- [WHAT YOU NEED TO DO]:
Each entry below should be printed exactly, with every image left out.

________

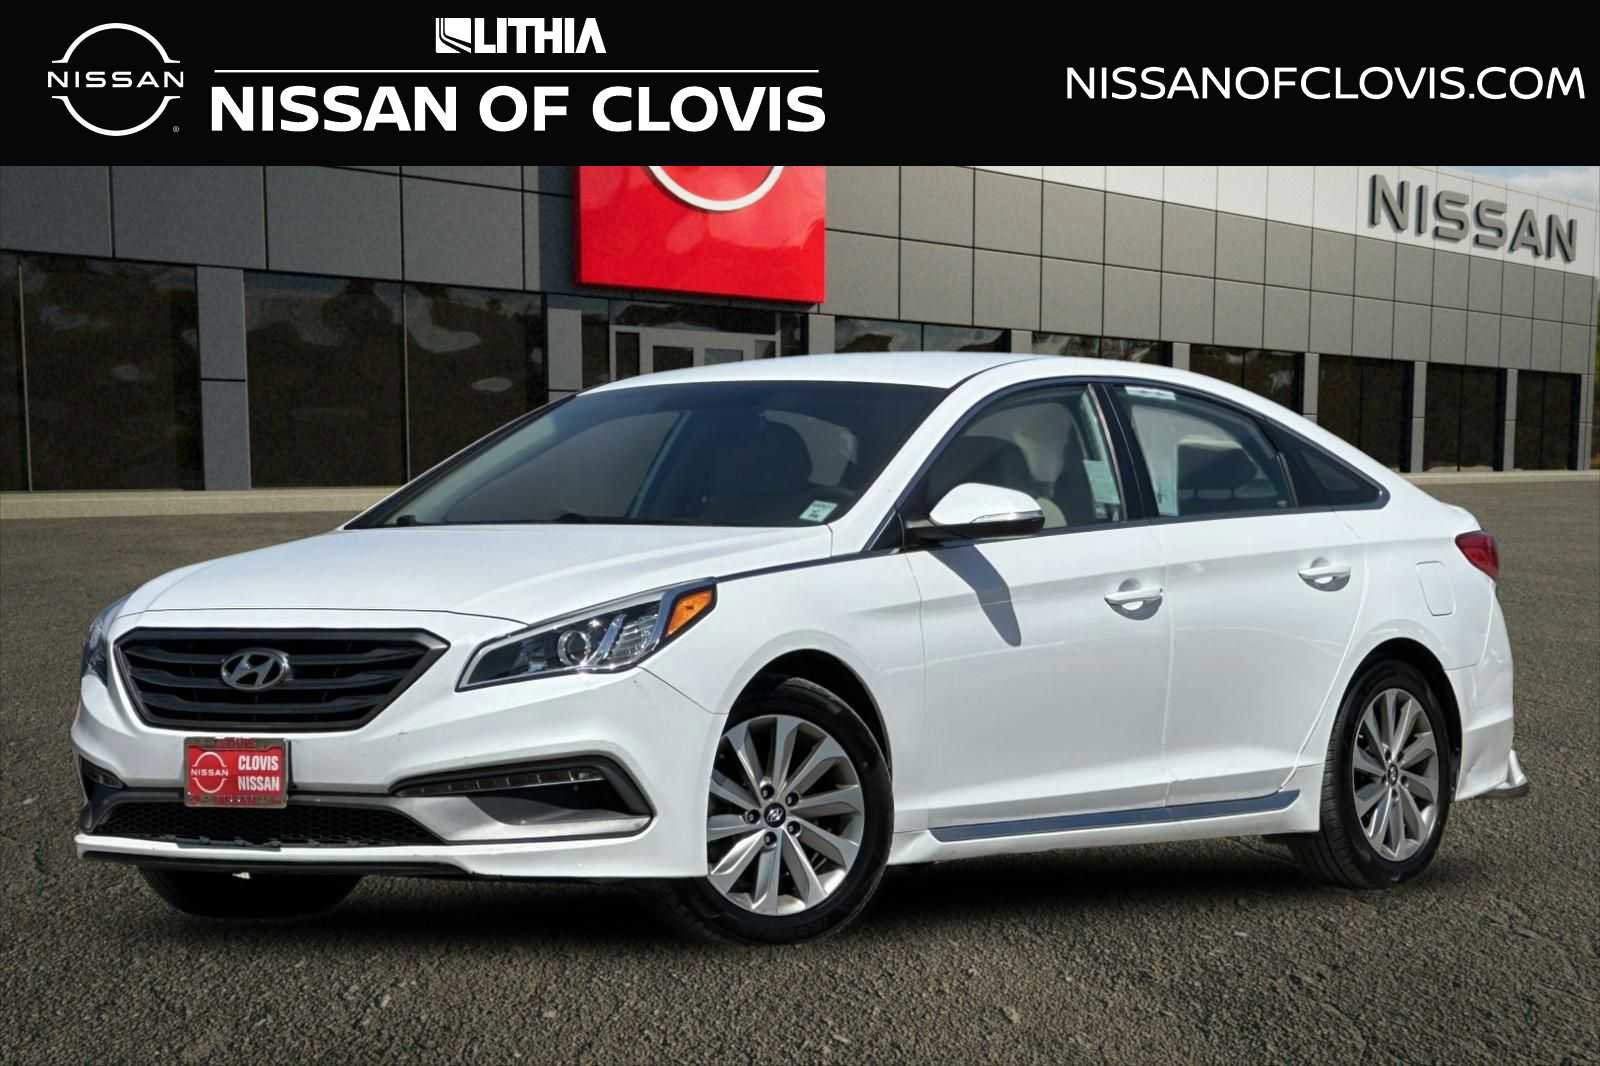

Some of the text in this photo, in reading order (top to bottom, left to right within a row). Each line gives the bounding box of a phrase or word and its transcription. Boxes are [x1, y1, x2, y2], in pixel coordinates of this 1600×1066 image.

[1368, 174, 1577, 263] NISSAN
[237, 755, 279, 772] CLOVIS
[191, 768, 229, 777] NISSAN
[237, 775, 280, 792] NISSAN

________

- [ANSWER FOR THIS EXERCISE]:
Some of the text in this photo, in reading order (top to bottom, left to right within a row). Each line gives the bounding box of a phrase or word and its transcription. Boxes are [x1, y1, x2, y2], in pixel coordinates of this 1600×1066 image.

[1368, 174, 1577, 263] NISSAN
[237, 755, 279, 772] CLOVIS
[191, 768, 229, 777] NISSAN
[237, 775, 280, 792] NISSAN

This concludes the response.